[Saved entries]
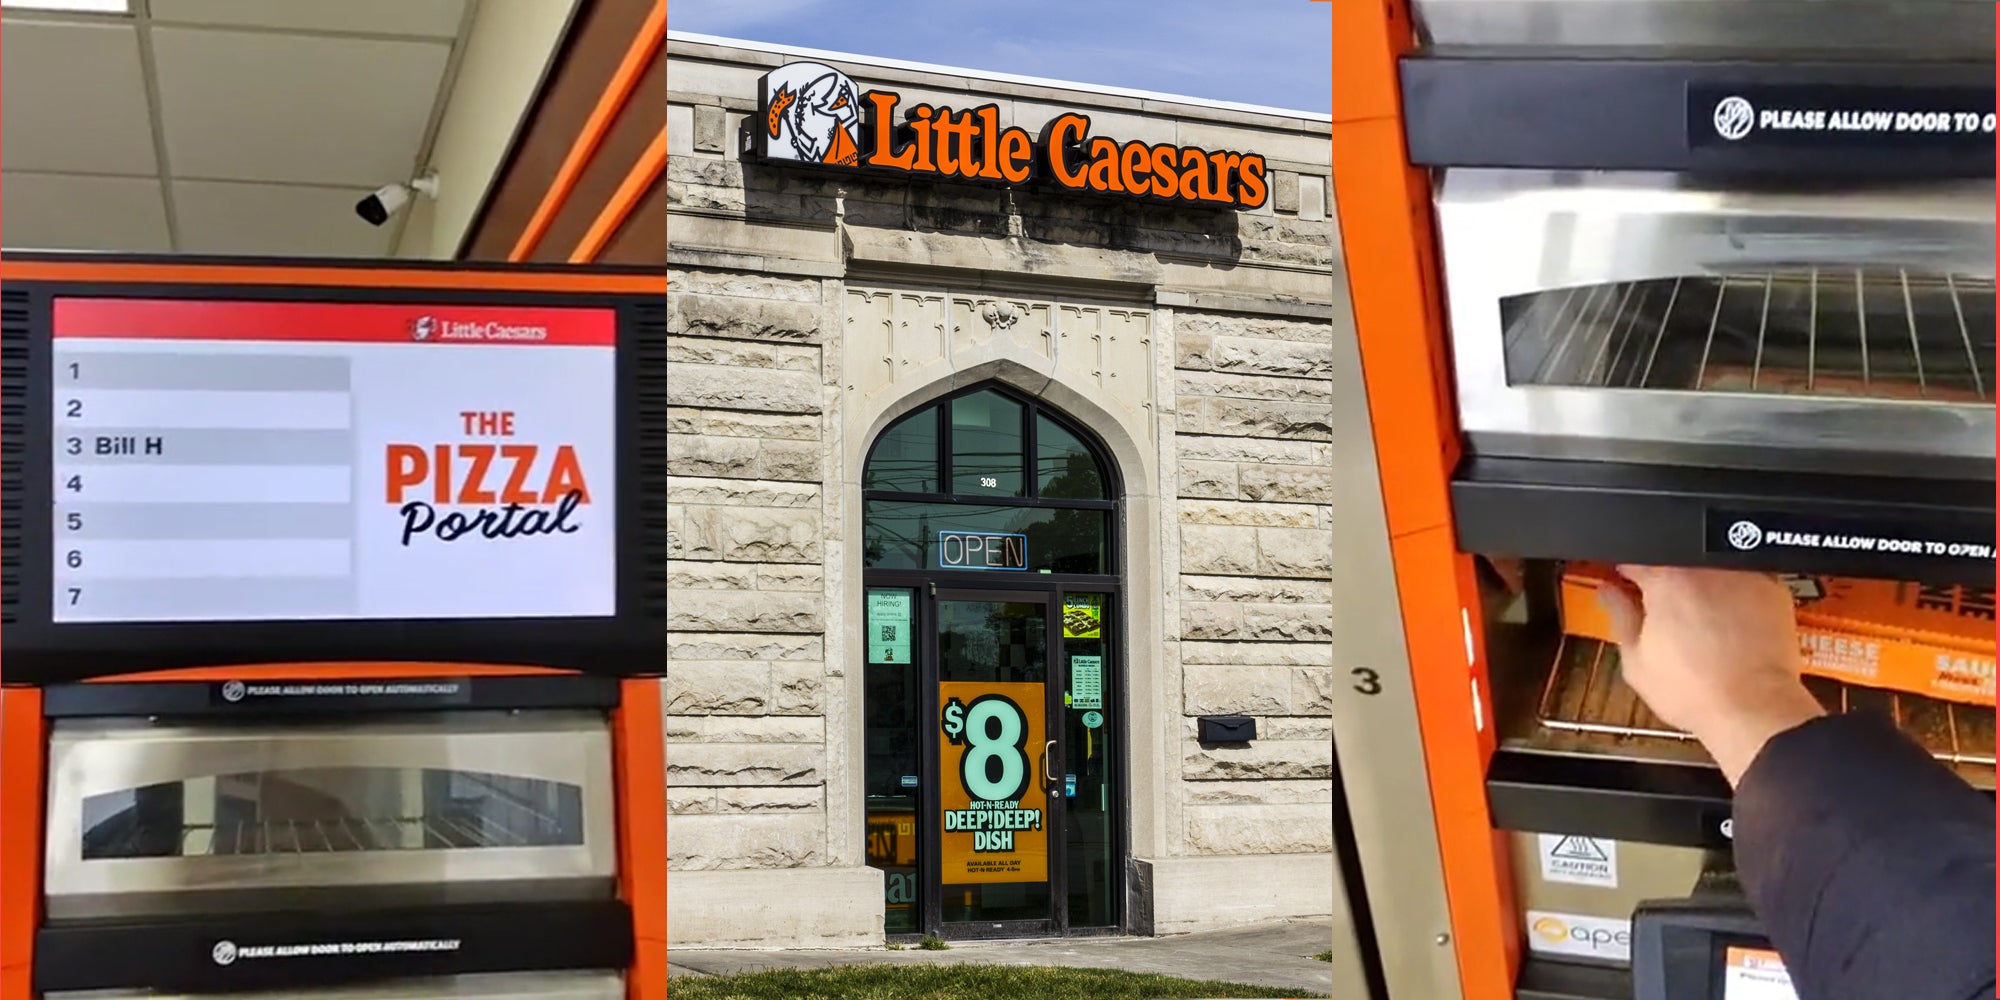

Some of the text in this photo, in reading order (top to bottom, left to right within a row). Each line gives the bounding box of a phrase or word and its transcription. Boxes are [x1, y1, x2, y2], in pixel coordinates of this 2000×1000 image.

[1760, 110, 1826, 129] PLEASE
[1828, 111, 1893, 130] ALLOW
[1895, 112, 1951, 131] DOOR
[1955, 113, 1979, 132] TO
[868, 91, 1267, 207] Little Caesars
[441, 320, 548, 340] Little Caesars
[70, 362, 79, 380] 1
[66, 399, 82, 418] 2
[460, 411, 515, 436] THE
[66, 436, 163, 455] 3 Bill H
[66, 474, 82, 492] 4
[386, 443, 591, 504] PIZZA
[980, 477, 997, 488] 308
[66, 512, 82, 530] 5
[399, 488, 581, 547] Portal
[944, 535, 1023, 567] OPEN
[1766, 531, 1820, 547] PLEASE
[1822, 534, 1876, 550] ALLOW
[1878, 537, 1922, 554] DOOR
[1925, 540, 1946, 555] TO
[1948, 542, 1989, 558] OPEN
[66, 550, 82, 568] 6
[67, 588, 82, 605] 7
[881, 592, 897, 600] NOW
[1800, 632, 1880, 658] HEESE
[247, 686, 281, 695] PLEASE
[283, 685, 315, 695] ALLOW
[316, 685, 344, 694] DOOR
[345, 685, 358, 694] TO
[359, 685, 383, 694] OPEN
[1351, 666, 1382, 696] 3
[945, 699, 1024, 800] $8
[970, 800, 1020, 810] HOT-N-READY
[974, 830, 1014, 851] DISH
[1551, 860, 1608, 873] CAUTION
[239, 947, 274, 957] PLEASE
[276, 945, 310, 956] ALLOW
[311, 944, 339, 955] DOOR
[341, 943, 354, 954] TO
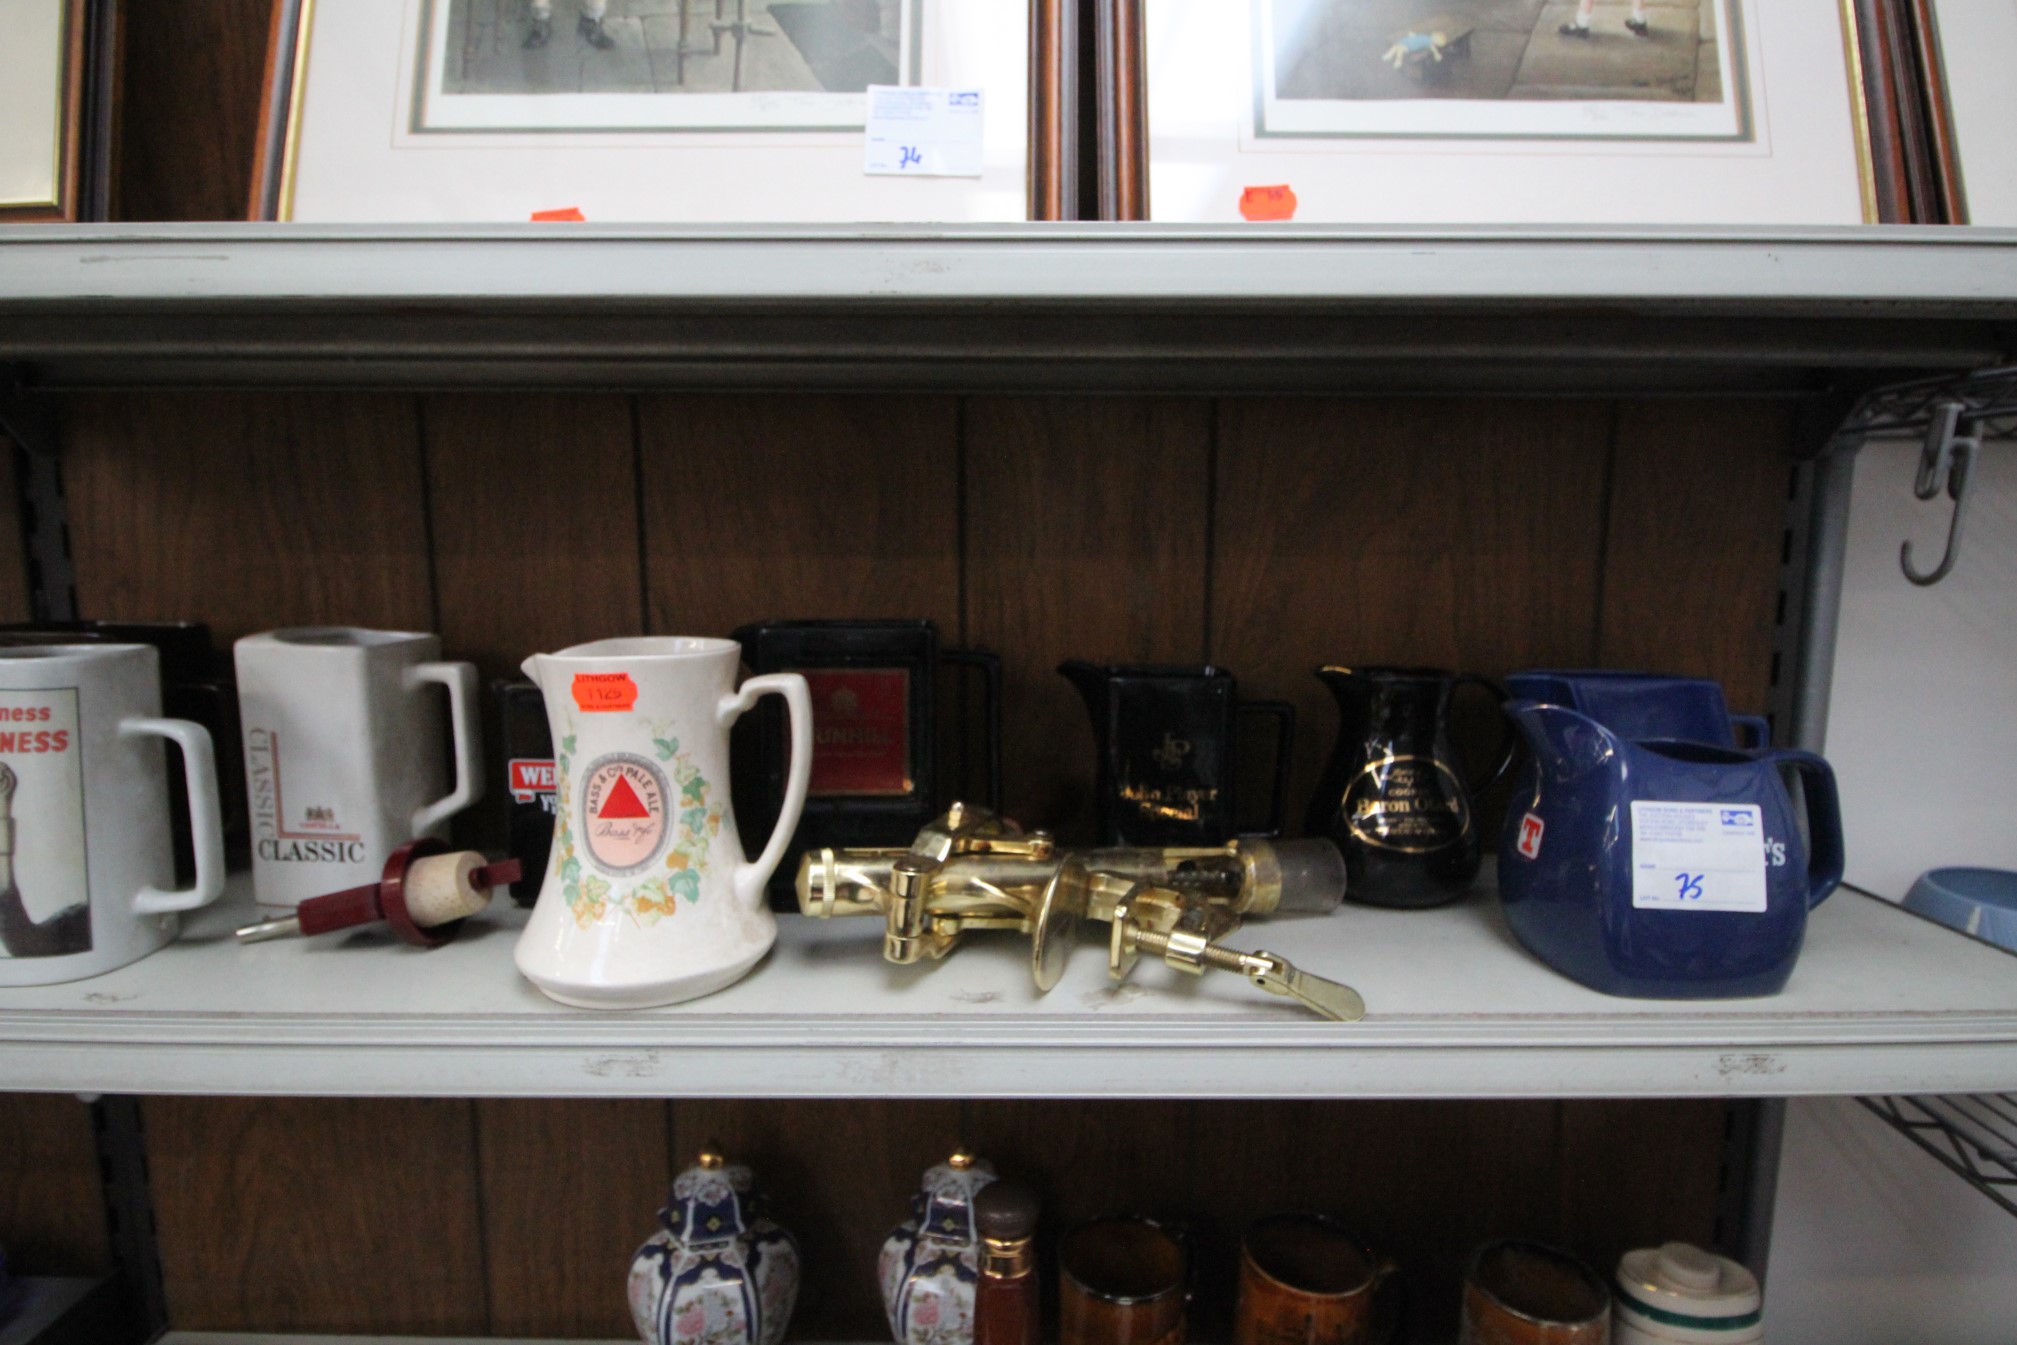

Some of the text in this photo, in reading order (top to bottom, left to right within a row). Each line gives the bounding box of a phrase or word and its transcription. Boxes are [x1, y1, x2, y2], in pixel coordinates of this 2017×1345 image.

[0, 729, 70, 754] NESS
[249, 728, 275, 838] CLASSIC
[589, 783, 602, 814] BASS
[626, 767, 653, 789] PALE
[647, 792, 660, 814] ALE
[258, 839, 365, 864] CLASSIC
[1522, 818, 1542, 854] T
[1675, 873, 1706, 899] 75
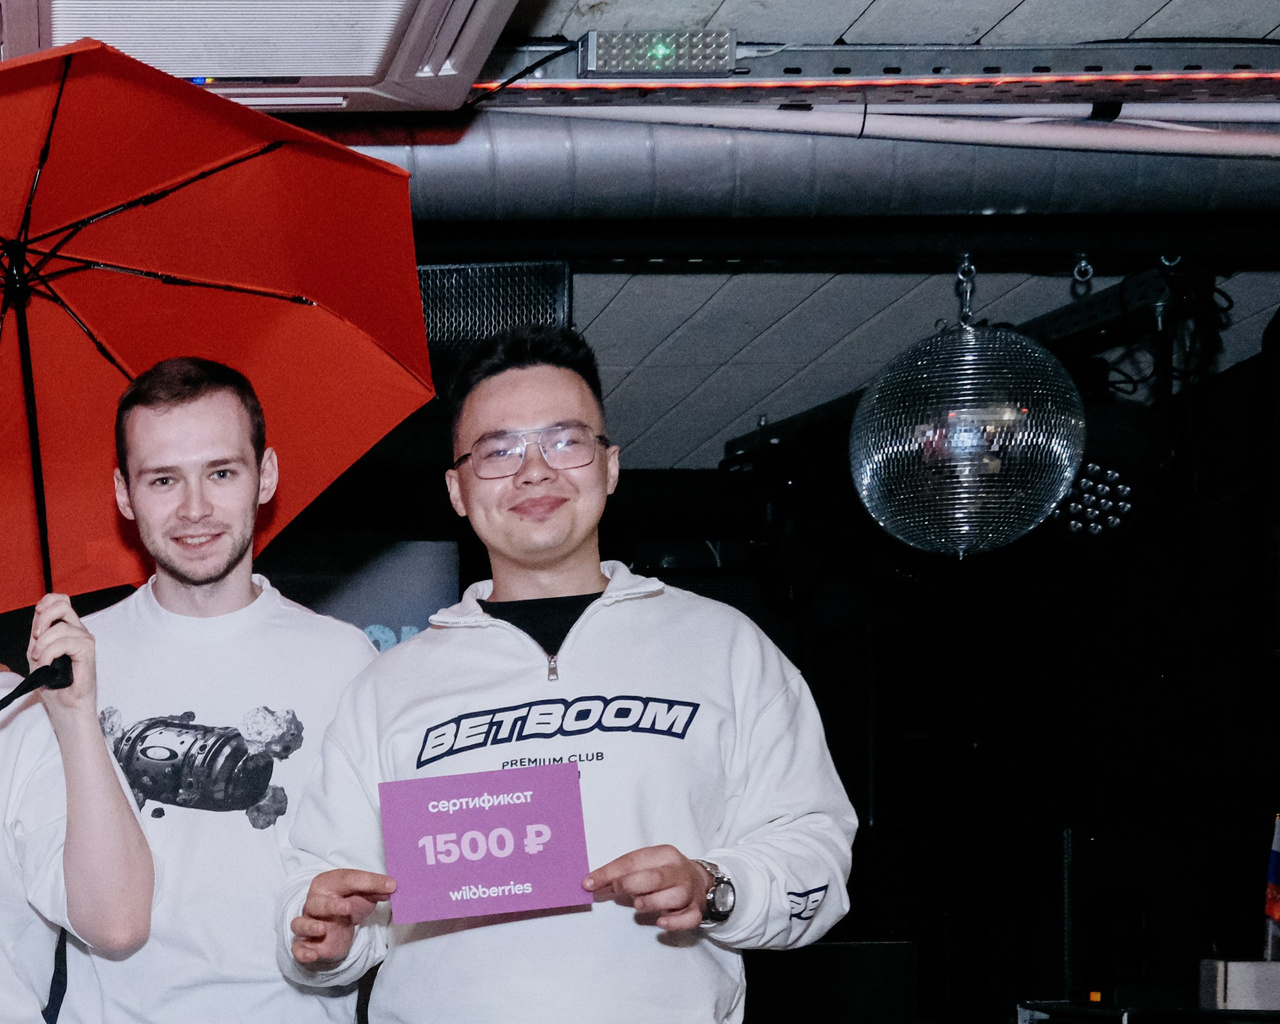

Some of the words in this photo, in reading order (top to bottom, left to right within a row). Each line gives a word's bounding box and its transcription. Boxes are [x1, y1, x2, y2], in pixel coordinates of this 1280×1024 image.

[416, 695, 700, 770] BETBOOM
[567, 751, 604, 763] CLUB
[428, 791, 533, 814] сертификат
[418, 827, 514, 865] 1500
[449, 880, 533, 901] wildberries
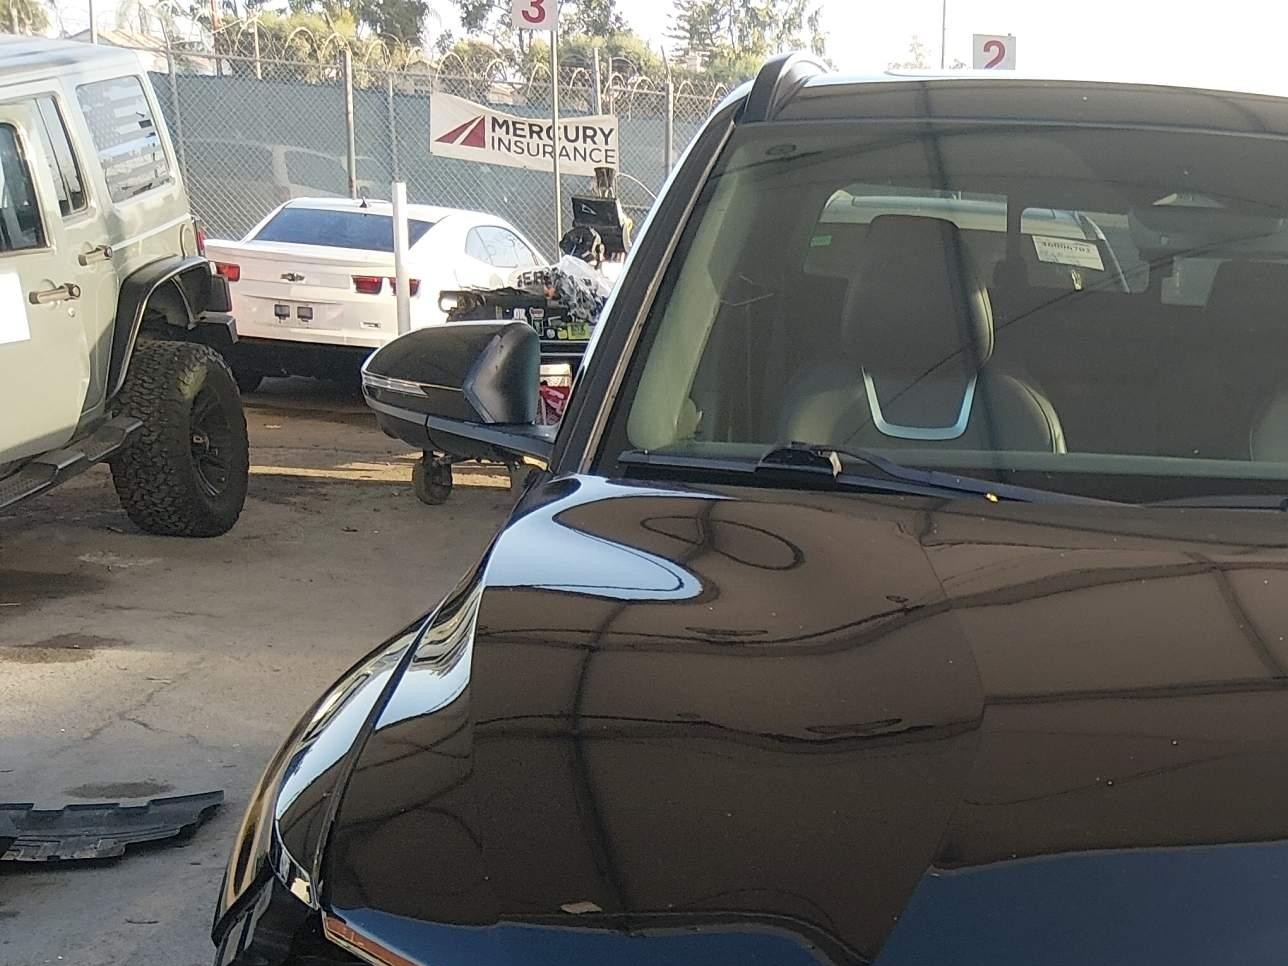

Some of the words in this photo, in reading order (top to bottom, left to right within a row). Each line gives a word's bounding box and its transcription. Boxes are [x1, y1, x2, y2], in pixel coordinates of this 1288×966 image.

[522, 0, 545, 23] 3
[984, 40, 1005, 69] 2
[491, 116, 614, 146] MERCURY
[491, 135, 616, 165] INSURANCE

TASK ITEM:
Output the records above unchanged, minus their pictures.

OUTPUT OF THE TASK:
Some of the text in this photo, in reading order (top to bottom, left to right within a row). Each line gives the bounding box of a phrase or word and its transcription. Boxes are [x1, y1, x2, y2], in pixel coordinates of this 2000×1000 image.

[1760, 110, 1826, 129] PLEASE
[1828, 111, 1893, 130] ALLOW
[1895, 112, 1951, 131] DOOR
[1955, 113, 1979, 132] TO
[868, 91, 1267, 207] Little Caesars
[441, 320, 548, 340] Little Caesars
[70, 362, 79, 380] 1
[66, 399, 82, 418] 2
[460, 411, 515, 436] THE
[66, 436, 163, 455] 3 Bill H
[66, 474, 82, 492] 4
[386, 443, 591, 504] PIZZA
[980, 477, 997, 488] 308
[66, 512, 82, 530] 5
[399, 488, 581, 547] Portal
[944, 535, 1023, 567] OPEN
[1766, 531, 1820, 547] PLEASE
[1822, 534, 1876, 550] ALLOW
[1878, 537, 1922, 554] DOOR
[1925, 540, 1946, 555] TO
[1948, 542, 1989, 558] OPEN
[66, 550, 82, 568] 6
[67, 588, 82, 605] 7
[881, 592, 897, 600] NOW
[1800, 632, 1880, 658] HEESE
[247, 686, 281, 695] PLEASE
[283, 685, 315, 695] ALLOW
[316, 685, 344, 694] DOOR
[345, 685, 358, 694] TO
[359, 685, 383, 694] OPEN
[1351, 666, 1382, 696] 3
[945, 699, 1024, 800] $8
[970, 800, 1020, 810] HOT-N-READY
[974, 830, 1014, 851] DISH
[1551, 860, 1608, 873] CAUTION
[239, 947, 274, 957] PLEASE
[276, 945, 310, 956] ALLOW
[311, 944, 339, 955] DOOR
[341, 943, 354, 954] TO

Some of the text in this photo, in reading order (top to bottom, left to right within a row). Each line gives the bounding box of a phrase or word and its transcription. Boxes are [x1, y1, x2, y2], in pixel coordinates of this 2017×1345 image.

[0, 729, 70, 754] NESS
[249, 728, 275, 838] CLASSIC
[589, 783, 602, 814] BASS
[626, 767, 653, 789] PALE
[647, 792, 660, 814] ALE
[258, 839, 365, 864] CLASSIC
[1522, 818, 1542, 854] T
[1675, 873, 1706, 899] 75

Some of the words in this photo, in reading order (top to bottom, left to right within a row). Each line gives a word's bounding box and its transcription. Boxes are [x1, y1, x2, y2], in pixel coordinates of this 1280×1024 image.

[416, 695, 700, 770] BETBOOM
[567, 751, 604, 763] CLUB
[428, 791, 533, 814] сертификат
[418, 827, 514, 865] 1500
[449, 880, 533, 901] wildberries

Some of the words in this photo, in reading order (top to bottom, left to right within a row). Each line gives a word's bounding box and its transcription. Boxes are [x1, y1, x2, y2], in pixel coordinates of this 1288×966 image.

[522, 0, 545, 23] 3
[984, 40, 1005, 69] 2
[491, 116, 614, 146] MERCURY
[491, 135, 616, 165] INSURANCE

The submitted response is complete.